Sunday, February 26, 2012

Mad World

 When we're young, everyone tells us that it's all "Grow up, get a job, get married, buy a house, have kids" & that's it. The truth is, the world is so much stranger than that. It's so much darker, & so much madder, & so much better.

Fortunately I was born in an age where the unimaginable is possible. We can accomplish anything we put our minds to if we put forth the necessary effort, & our minds are the most powerful tools in the universe. We learn to make something of absolutely nothing. We are capable of creating whole worlds using our imaginations, & that makes us a danger to ourselves as well as everyone we surround ourselves with. 

There are a few that have learned to control their minds, & some who have learned to control others. Thankfully, I've learned to block out those who aren't permitted to enter the dark corners of my mind & unlock my secrets, but I don't seem to realize when I'm entering the minds of others. It just happens when I least expect it, & it frightens me. I've found some terrible things in the minds of those I thought I knew & could trust... things I wish I could forget.

I just wish there were some way to control it. I can control the minds of others to a certain extent, but I can't control my own. How pathetic is that? Rebecca is getting under my skin again. Shaun used to hold her back, & now she knows that he's my biggest weakness, she delights in torturing me even more. She's pushing my limits, & breaking me down. I can't take it anymore. I just wish things were the way they used to be. I wish I'd never created such a terrible monster, & I wish that there were still some beauty in the sunlight, but even when it shines I can't help but retreat into the shadows.
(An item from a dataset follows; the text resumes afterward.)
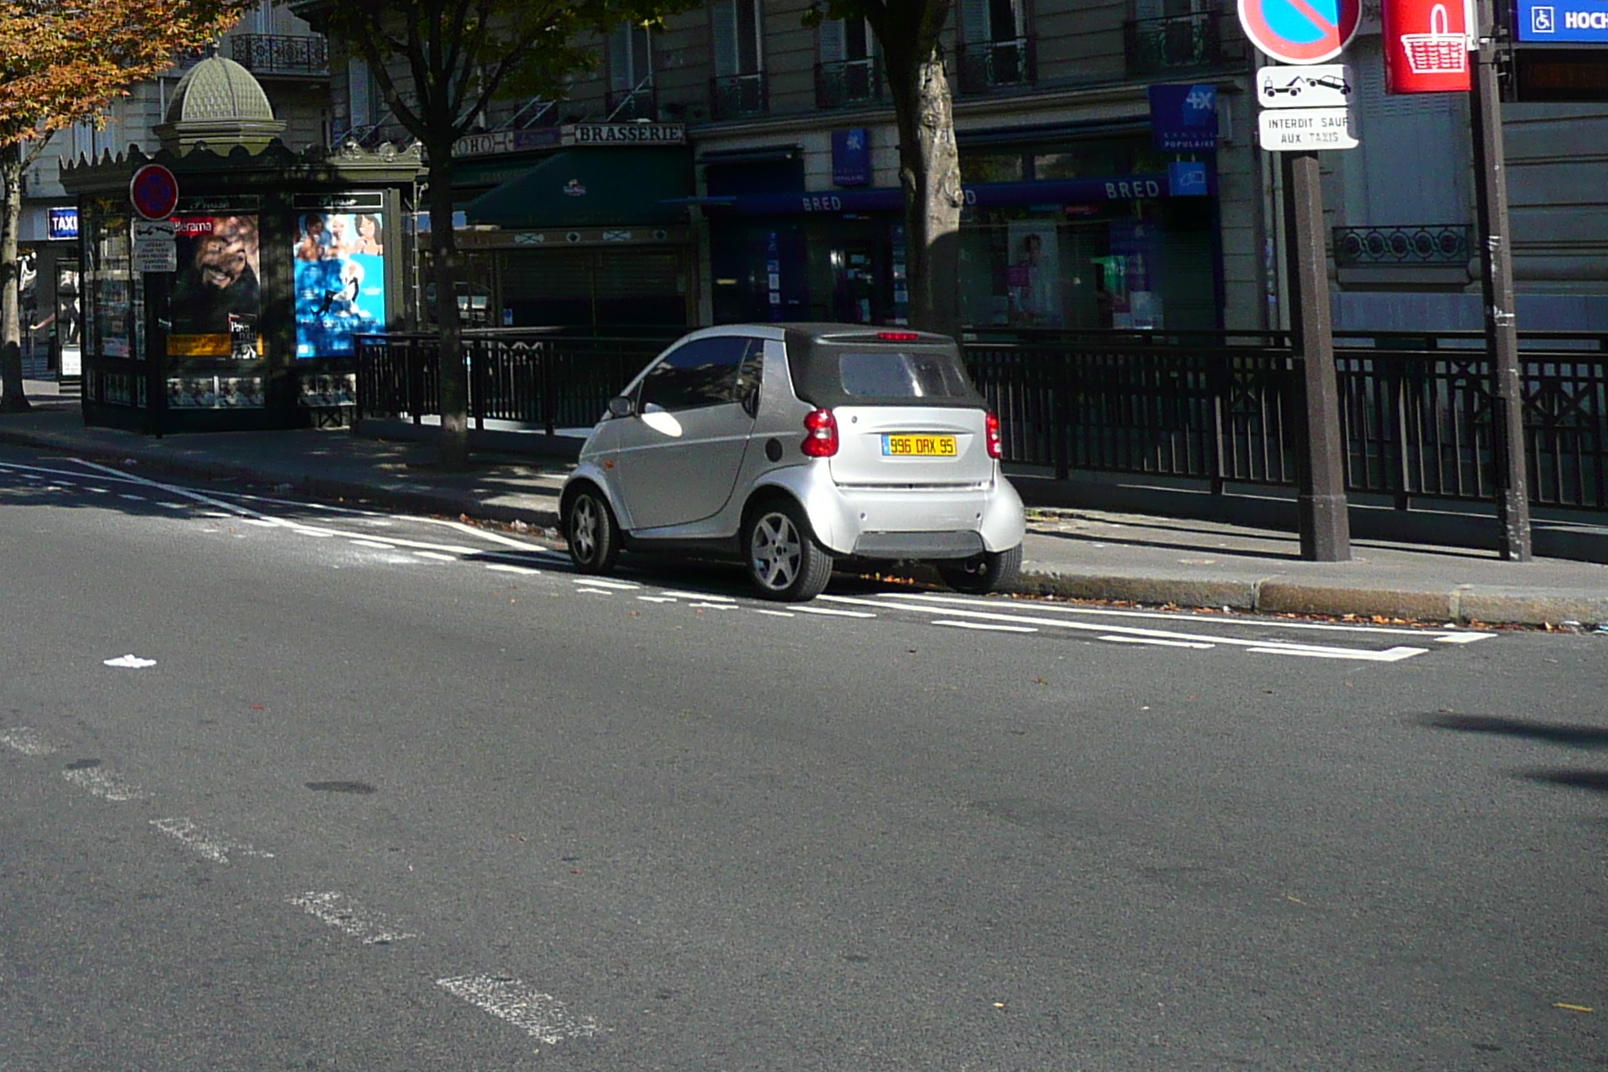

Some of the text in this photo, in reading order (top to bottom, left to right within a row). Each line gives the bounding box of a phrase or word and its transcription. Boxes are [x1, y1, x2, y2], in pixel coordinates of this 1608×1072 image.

I'm afraid of hurting Taylor the way I hurt Shaun... the way I hurt Kayla. Rebecca doesn't seem to see Cass as much of a threat, or Nate. She doesn't even feel the need to show herself around them, & when she's on the edge I'll just shrug it off as sex twitches... but I can tell the difference. The energy around me is different, & the wind blows a little colder. The nightmares are getting worse, & I'm starting to fear myself. I can't be alone at night, because that's when the monsters under my bed comes out & play inside my head.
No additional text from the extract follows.